What the task asks: Each record should be given again exactly as it appears, with no image included.

################

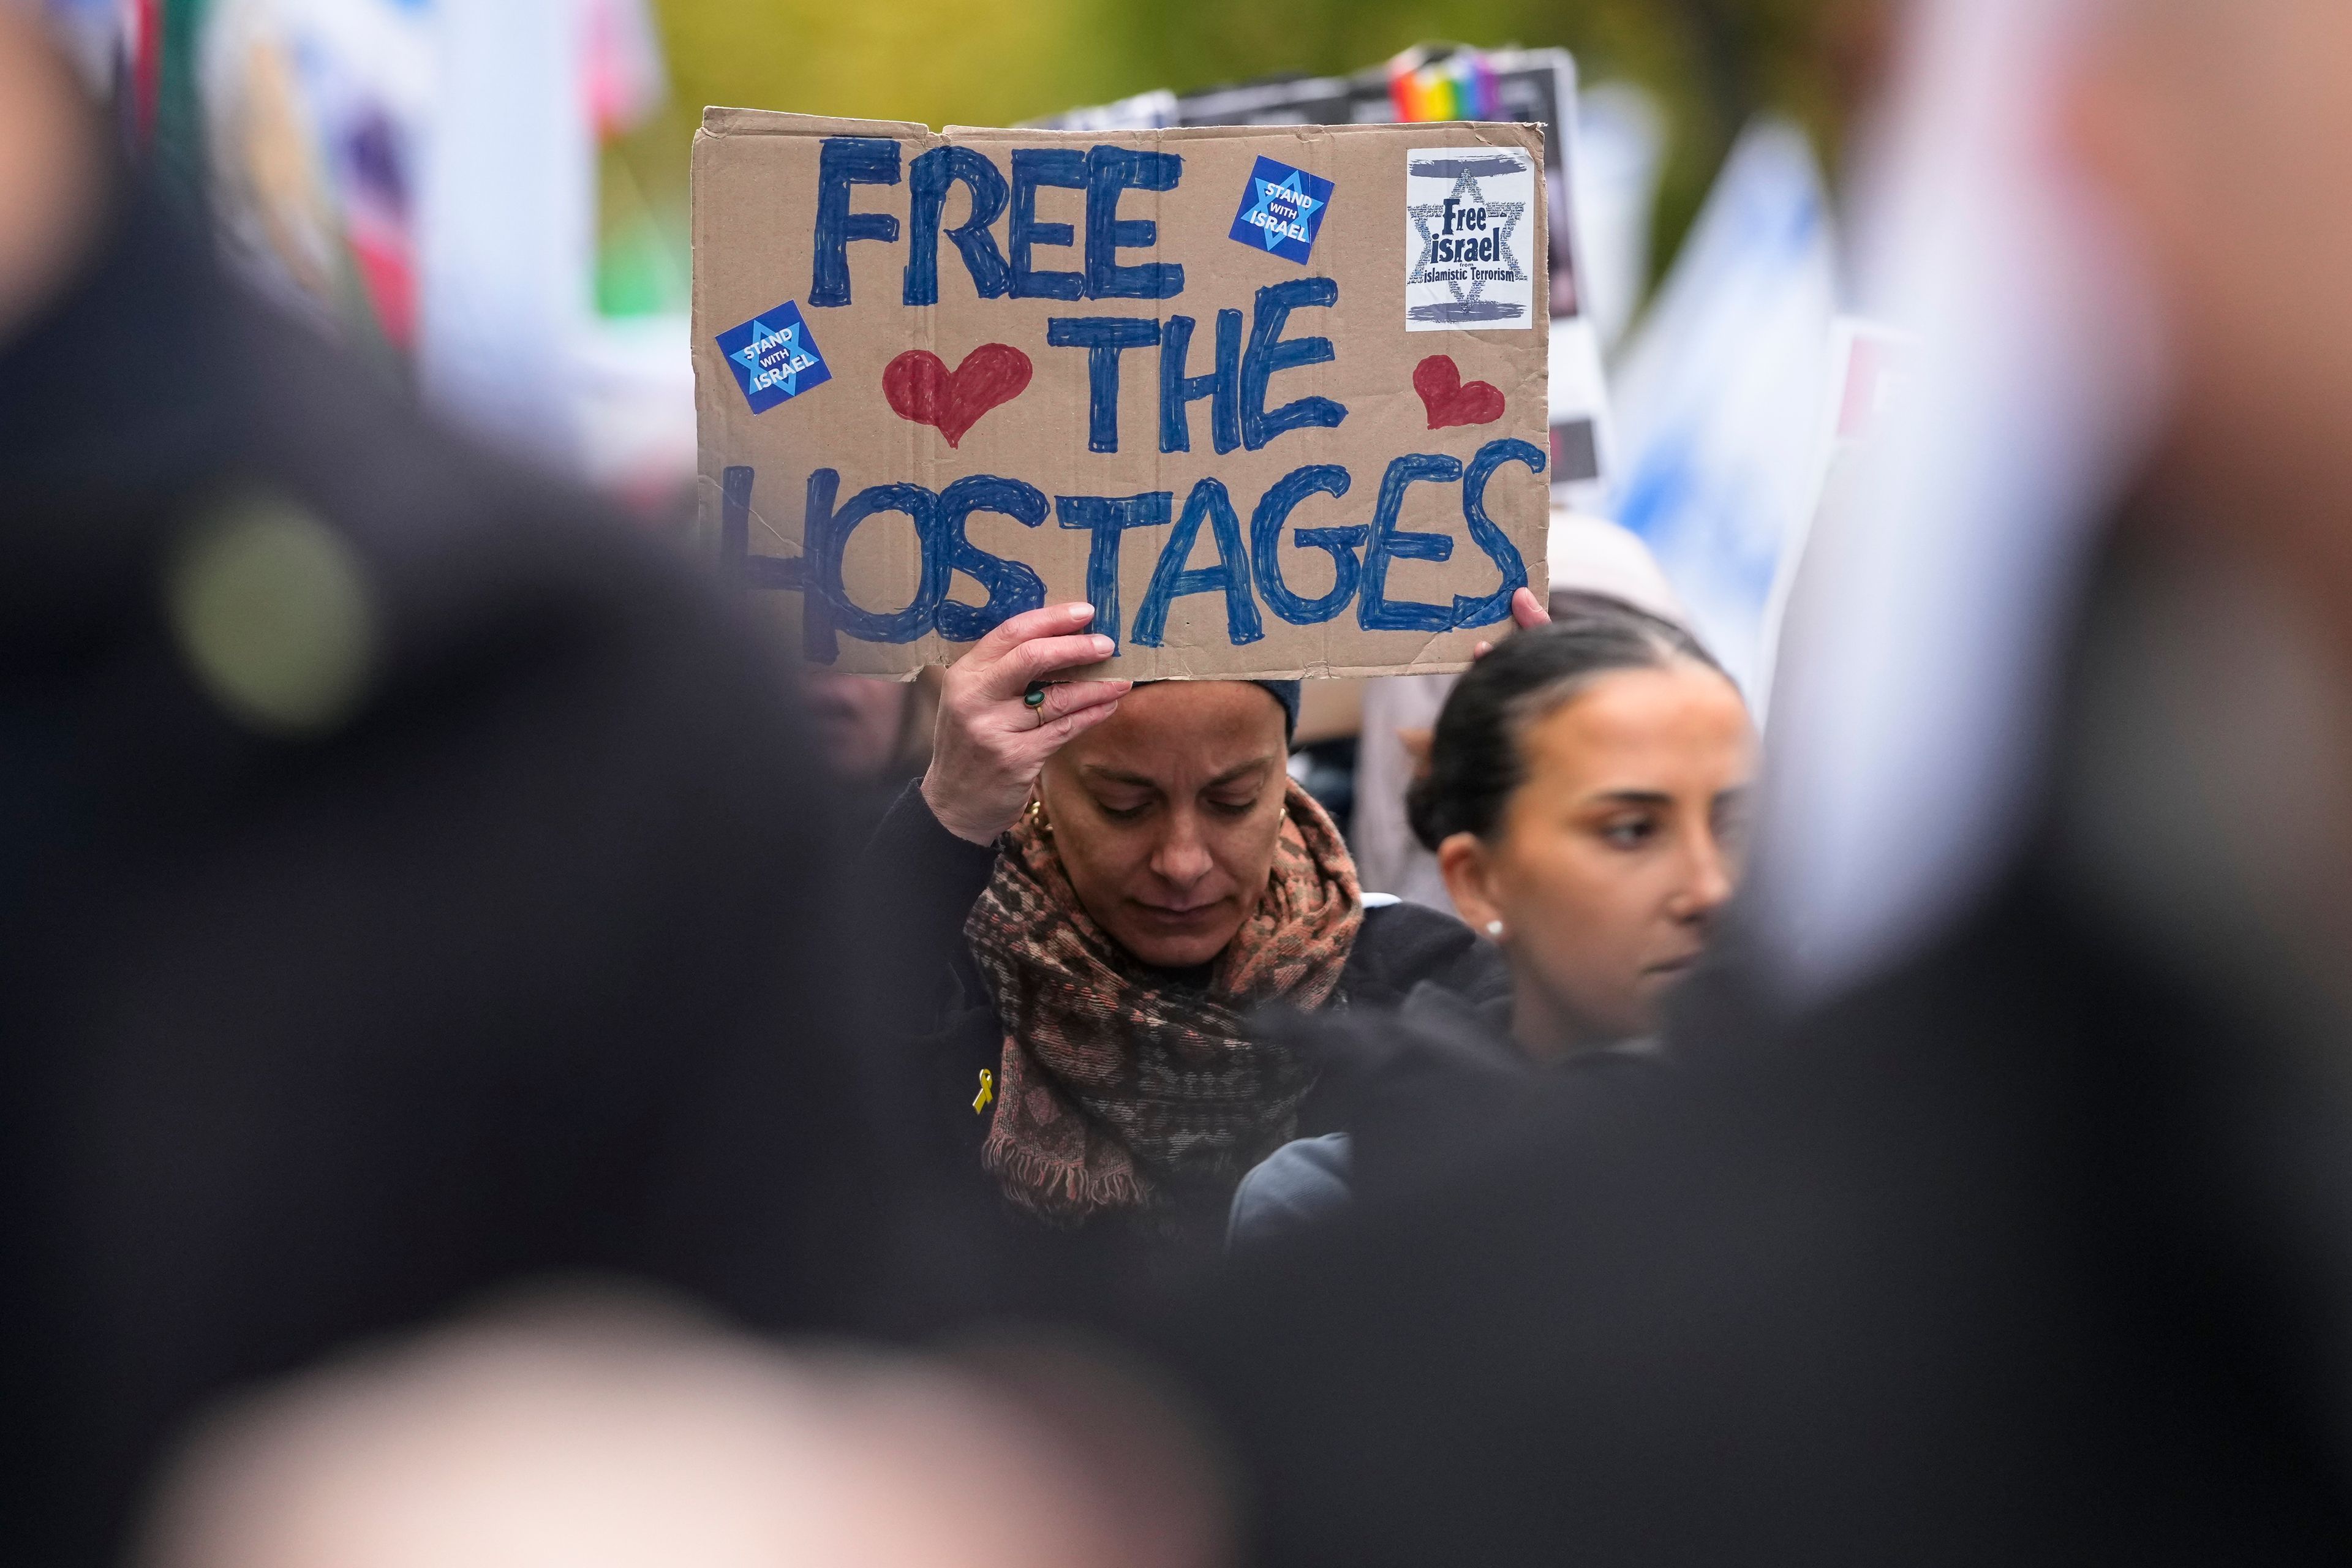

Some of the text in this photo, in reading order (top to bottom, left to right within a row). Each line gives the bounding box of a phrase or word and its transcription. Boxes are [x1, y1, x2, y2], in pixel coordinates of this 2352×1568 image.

[1265, 183, 1312, 208] STAND
[1270, 202, 1297, 219] WITH
[809, 136, 1184, 306] FREE
[1250, 210, 1306, 243] ISRAEL
[1442, 198, 1487, 235] Free
[1430, 227, 1501, 264] israel
[1423, 267, 1515, 283] islamistic Terrorism
[744, 328, 793, 359] STAND
[760, 348, 790, 368] WITH
[753, 353, 815, 391] ISRAEL
[1047, 277, 1348, 454] THE
[722, 438, 1547, 665] HOSTAGES

################

Response to the exercise:
Some of the text in this photo, in reading order (top to bottom, left to right within a row). Each line gives the bounding box of a phrase or word and its transcription. Boxes are [x1, y1, x2, y2], in pixel coordinates of this 2352×1568 image.

[1265, 183, 1312, 208] STAND
[1270, 202, 1297, 219] WITH
[809, 136, 1184, 306] FREE
[1250, 210, 1306, 243] ISRAEL
[1442, 198, 1487, 235] Free
[1430, 227, 1501, 264] israel
[1423, 267, 1515, 283] islamistic Terrorism
[744, 328, 793, 359] STAND
[760, 348, 790, 368] WITH
[753, 353, 815, 391] ISRAEL
[1047, 277, 1348, 454] THE
[722, 438, 1547, 665] HOSTAGES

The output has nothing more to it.